> _TASK DETAILS_
All of the data below should be copied exactly as it stands.

> _DATA SUPPLIED_

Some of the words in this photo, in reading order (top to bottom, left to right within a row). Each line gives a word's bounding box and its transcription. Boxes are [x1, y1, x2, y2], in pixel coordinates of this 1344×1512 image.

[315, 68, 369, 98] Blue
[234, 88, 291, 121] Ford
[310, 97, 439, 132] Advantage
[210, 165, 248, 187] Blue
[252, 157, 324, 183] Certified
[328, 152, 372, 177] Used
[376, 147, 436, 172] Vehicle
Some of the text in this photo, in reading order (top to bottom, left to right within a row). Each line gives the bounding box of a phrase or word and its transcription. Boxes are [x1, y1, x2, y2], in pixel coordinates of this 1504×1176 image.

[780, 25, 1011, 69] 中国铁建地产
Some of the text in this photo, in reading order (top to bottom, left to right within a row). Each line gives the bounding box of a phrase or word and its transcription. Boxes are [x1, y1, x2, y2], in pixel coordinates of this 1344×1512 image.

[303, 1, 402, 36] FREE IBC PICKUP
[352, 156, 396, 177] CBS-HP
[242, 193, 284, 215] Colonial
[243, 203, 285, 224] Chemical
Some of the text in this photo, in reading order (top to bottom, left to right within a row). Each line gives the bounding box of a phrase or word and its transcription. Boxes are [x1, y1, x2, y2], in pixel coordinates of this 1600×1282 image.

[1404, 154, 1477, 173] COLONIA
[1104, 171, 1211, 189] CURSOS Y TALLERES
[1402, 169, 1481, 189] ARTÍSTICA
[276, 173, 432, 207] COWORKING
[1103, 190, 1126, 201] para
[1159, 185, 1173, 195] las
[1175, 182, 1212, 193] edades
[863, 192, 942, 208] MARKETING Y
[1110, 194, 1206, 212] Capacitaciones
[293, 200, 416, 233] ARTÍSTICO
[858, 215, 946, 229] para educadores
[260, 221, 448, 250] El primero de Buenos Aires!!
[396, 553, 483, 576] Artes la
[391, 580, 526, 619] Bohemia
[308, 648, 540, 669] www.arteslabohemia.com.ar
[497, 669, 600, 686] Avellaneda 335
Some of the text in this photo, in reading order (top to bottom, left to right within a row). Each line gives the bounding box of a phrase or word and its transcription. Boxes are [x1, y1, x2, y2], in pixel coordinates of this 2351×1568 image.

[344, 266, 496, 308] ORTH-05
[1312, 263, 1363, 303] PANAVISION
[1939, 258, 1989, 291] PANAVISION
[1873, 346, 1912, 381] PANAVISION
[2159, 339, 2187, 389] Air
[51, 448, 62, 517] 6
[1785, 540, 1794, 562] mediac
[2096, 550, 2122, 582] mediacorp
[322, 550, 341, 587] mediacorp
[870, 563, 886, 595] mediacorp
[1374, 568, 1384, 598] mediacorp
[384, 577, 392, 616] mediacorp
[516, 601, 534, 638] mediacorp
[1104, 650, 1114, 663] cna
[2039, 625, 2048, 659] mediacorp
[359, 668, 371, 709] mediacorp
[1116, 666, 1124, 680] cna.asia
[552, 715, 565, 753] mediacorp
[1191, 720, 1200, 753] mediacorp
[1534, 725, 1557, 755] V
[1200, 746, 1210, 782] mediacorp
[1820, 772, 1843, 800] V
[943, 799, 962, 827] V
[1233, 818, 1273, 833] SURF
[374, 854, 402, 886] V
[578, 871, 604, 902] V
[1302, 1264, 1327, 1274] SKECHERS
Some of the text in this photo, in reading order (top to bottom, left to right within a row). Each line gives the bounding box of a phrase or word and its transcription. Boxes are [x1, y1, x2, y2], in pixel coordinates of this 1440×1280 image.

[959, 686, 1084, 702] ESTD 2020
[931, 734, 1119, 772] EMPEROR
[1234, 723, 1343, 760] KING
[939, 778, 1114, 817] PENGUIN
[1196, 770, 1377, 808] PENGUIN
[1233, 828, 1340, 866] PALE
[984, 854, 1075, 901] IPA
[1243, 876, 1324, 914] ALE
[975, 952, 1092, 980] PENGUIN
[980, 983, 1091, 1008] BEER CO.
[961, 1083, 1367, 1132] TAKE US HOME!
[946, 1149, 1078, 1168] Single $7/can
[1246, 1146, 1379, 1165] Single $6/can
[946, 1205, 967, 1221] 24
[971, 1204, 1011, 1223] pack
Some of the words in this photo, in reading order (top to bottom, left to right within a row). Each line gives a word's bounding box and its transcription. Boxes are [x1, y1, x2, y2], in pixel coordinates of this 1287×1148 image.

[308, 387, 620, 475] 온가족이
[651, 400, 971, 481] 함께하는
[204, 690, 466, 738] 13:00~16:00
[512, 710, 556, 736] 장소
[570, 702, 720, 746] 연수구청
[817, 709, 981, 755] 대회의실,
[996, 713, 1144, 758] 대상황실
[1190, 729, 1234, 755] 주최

> _OUTPUT BELOW_
Some of the words in this photo, in reading order (top to bottom, left to right within a row). Each line gives a word's bounding box and its transcription. Boxes are [x1, y1, x2, y2], in pixel coordinates of this 1344×1512 image.

[315, 68, 369, 98] Blue
[234, 88, 291, 121] Ford
[310, 97, 439, 132] Advantage
[210, 165, 248, 187] Blue
[252, 157, 324, 183] Certified
[328, 152, 372, 177] Used
[376, 147, 436, 172] Vehicle
Some of the text in this photo, in reading order (top to bottom, left to right within a row). Each line gives the bounding box of a phrase or word and its transcription. Boxes are [x1, y1, x2, y2], in pixel coordinates of this 1504×1176 image.

[780, 25, 1011, 69] 中国铁建地产
Some of the text in this photo, in reading order (top to bottom, left to right within a row). Each line gives the bounding box of a phrase or word and its transcription. Boxes are [x1, y1, x2, y2], in pixel coordinates of this 1344×1512 image.

[303, 1, 402, 36] FREE IBC PICKUP
[352, 156, 396, 177] CBS-HP
[242, 193, 284, 215] Colonial
[243, 203, 285, 224] Chemical
Some of the text in this photo, in reading order (top to bottom, left to right within a row). Each line gives the bounding box of a phrase or word and its transcription. Boxes are [x1, y1, x2, y2], in pixel coordinates of this 1600×1282 image.

[1404, 154, 1477, 173] COLONIA
[1104, 171, 1211, 189] CURSOS Y TALLERES
[1402, 169, 1481, 189] ARTÍSTICA
[276, 173, 432, 207] COWORKING
[1103, 190, 1126, 201] para
[1159, 185, 1173, 195] las
[1175, 182, 1212, 193] edades
[863, 192, 942, 208] MARKETING Y
[1110, 194, 1206, 212] Capacitaciones
[293, 200, 416, 233] ARTÍSTICO
[858, 215, 946, 229] para educadores
[260, 221, 448, 250] El primero de Buenos Aires!!
[396, 553, 483, 576] Artes la
[391, 580, 526, 619] Bohemia
[308, 648, 540, 669] www.arteslabohemia.com.ar
[497, 669, 600, 686] Avellaneda 335
Some of the text in this photo, in reading order (top to bottom, left to right within a row). Each line gives the bounding box of a phrase or word and its transcription. Boxes are [x1, y1, x2, y2], in pixel coordinates of this 2351×1568 image.

[344, 266, 496, 308] ORTH-05
[1312, 263, 1363, 303] PANAVISION
[1939, 258, 1989, 291] PANAVISION
[1873, 346, 1912, 381] PANAVISION
[2159, 339, 2187, 389] Air
[51, 448, 62, 517] 6
[1785, 540, 1794, 562] mediac
[2096, 550, 2122, 582] mediacorp
[322, 550, 341, 587] mediacorp
[870, 563, 886, 595] mediacorp
[1374, 568, 1384, 598] mediacorp
[384, 577, 392, 616] mediacorp
[516, 601, 534, 638] mediacorp
[1104, 650, 1114, 663] cna
[2039, 625, 2048, 659] mediacorp
[359, 668, 371, 709] mediacorp
[1116, 666, 1124, 680] cna.asia
[552, 715, 565, 753] mediacorp
[1191, 720, 1200, 753] mediacorp
[1534, 725, 1557, 755] V
[1200, 746, 1210, 782] mediacorp
[1820, 772, 1843, 800] V
[943, 799, 962, 827] V
[1233, 818, 1273, 833] SURF
[374, 854, 402, 886] V
[578, 871, 604, 902] V
[1302, 1264, 1327, 1274] SKECHERS
Some of the text in this photo, in reading order (top to bottom, left to right within a row). Each line gives the bounding box of a phrase or word and its transcription. Boxes are [x1, y1, x2, y2], in pixel coordinates of this 1440×1280 image.

[959, 686, 1084, 702] ESTD 2020
[931, 734, 1119, 772] EMPEROR
[1234, 723, 1343, 760] KING
[939, 778, 1114, 817] PENGUIN
[1196, 770, 1377, 808] PENGUIN
[1233, 828, 1340, 866] PALE
[984, 854, 1075, 901] IPA
[1243, 876, 1324, 914] ALE
[975, 952, 1092, 980] PENGUIN
[980, 983, 1091, 1008] BEER CO.
[961, 1083, 1367, 1132] TAKE US HOME!
[946, 1149, 1078, 1168] Single $7/can
[1246, 1146, 1379, 1165] Single $6/can
[946, 1205, 967, 1221] 24
[971, 1204, 1011, 1223] pack
Some of the words in this photo, in reading order (top to bottom, left to right within a row). Each line gives a word's bounding box and its transcription. Boxes are [x1, y1, x2, y2], in pixel coordinates of this 1287×1148 image.

[308, 387, 620, 475] 온가족이
[651, 400, 971, 481] 함께하는
[204, 690, 466, 738] 13:00~16:00
[512, 710, 556, 736] 장소
[570, 702, 720, 746] 연수구청
[817, 709, 981, 755] 대회의실,
[996, 713, 1144, 758] 대상황실
[1190, 729, 1234, 755] 주최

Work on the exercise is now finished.